YOUR OBJECTIVE: Start to finish, retype the entries exactly while omitting the pictures.

DATASET EXCERPTS:
== Segment start ==
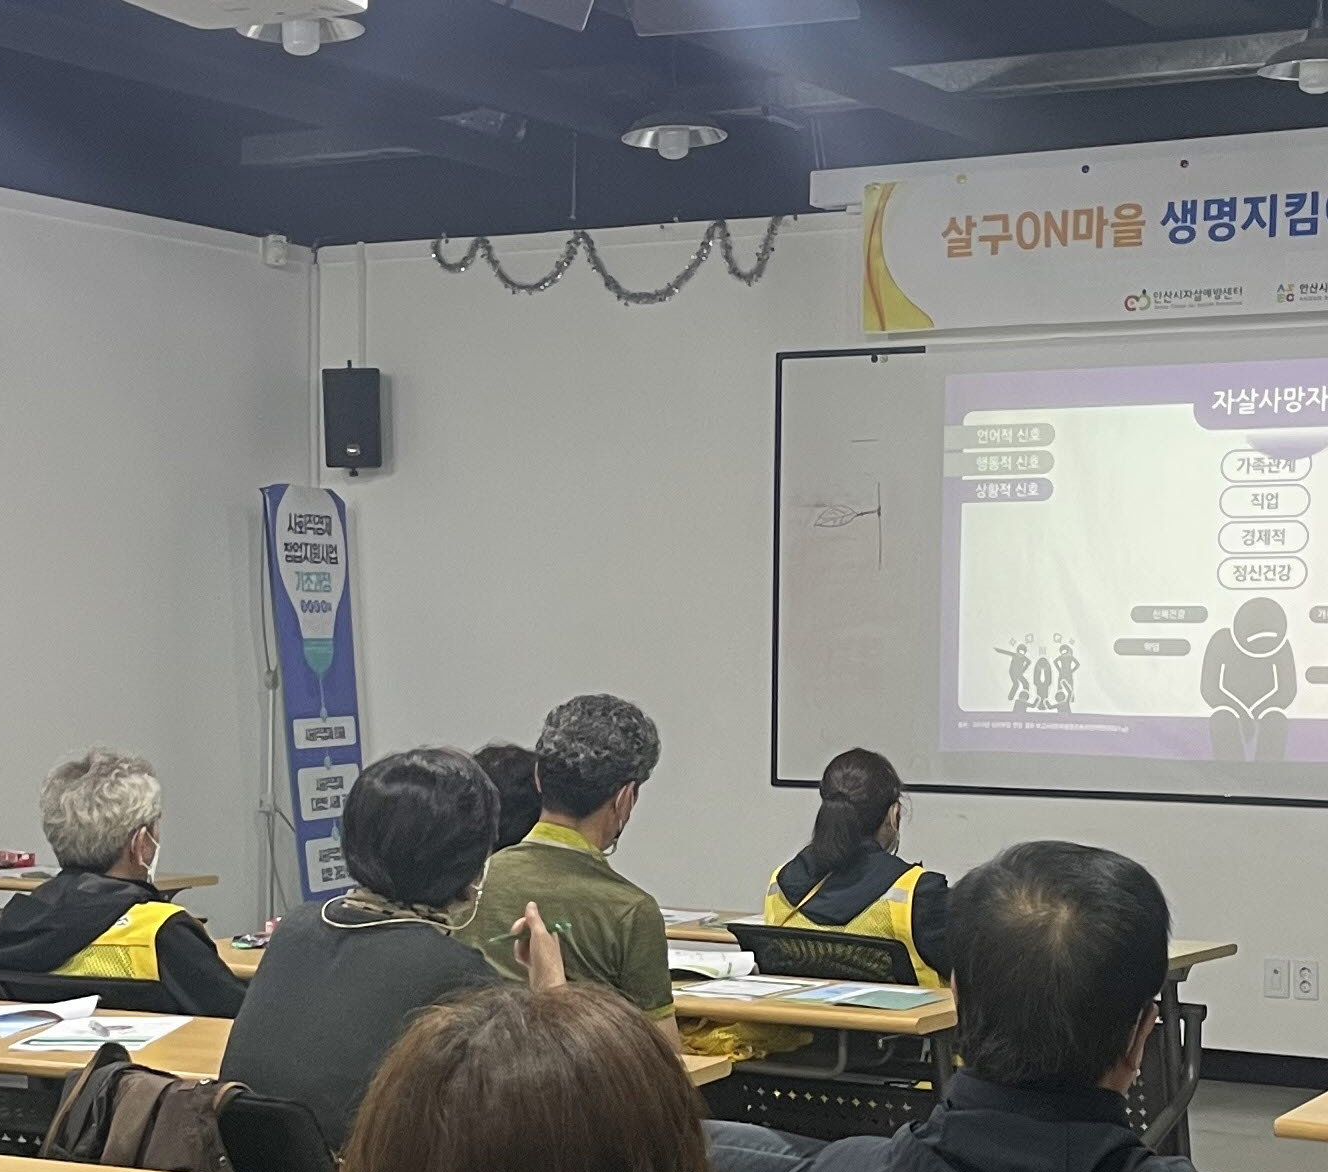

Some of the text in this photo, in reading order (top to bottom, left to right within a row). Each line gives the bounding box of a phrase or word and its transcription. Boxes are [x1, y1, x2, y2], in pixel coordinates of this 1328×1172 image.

[940, 200, 1146, 258] 살구ON마을
[976, 426, 1041, 444] 언어적 신호
[976, 454, 1040, 472] 행동적 신호
[1236, 457, 1297, 475] 가족관계
[975, 481, 1039, 499] 상황적 신호
[1250, 492, 1280, 510] 직업
[1241, 528, 1286, 547] 경제적
[1232, 564, 1292, 582] 정신건강
== Segment end ==
TASK RESULT:
Some of the text in this photo, in reading order (top to bottom, left to right within a row). Each line gives the bounding box of a phrase or word and its transcription. Boxes are [x1, y1, x2, y2], in pixel coordinates of this 1328×1172 image.

[940, 200, 1146, 258] 살구ON마을
[976, 426, 1041, 444] 언어적 신호
[976, 454, 1040, 472] 행동적 신호
[1236, 457, 1297, 475] 가족관계
[975, 481, 1039, 499] 상황적 신호
[1250, 492, 1280, 510] 직업
[1241, 528, 1286, 547] 경제적
[1232, 564, 1292, 582] 정신건강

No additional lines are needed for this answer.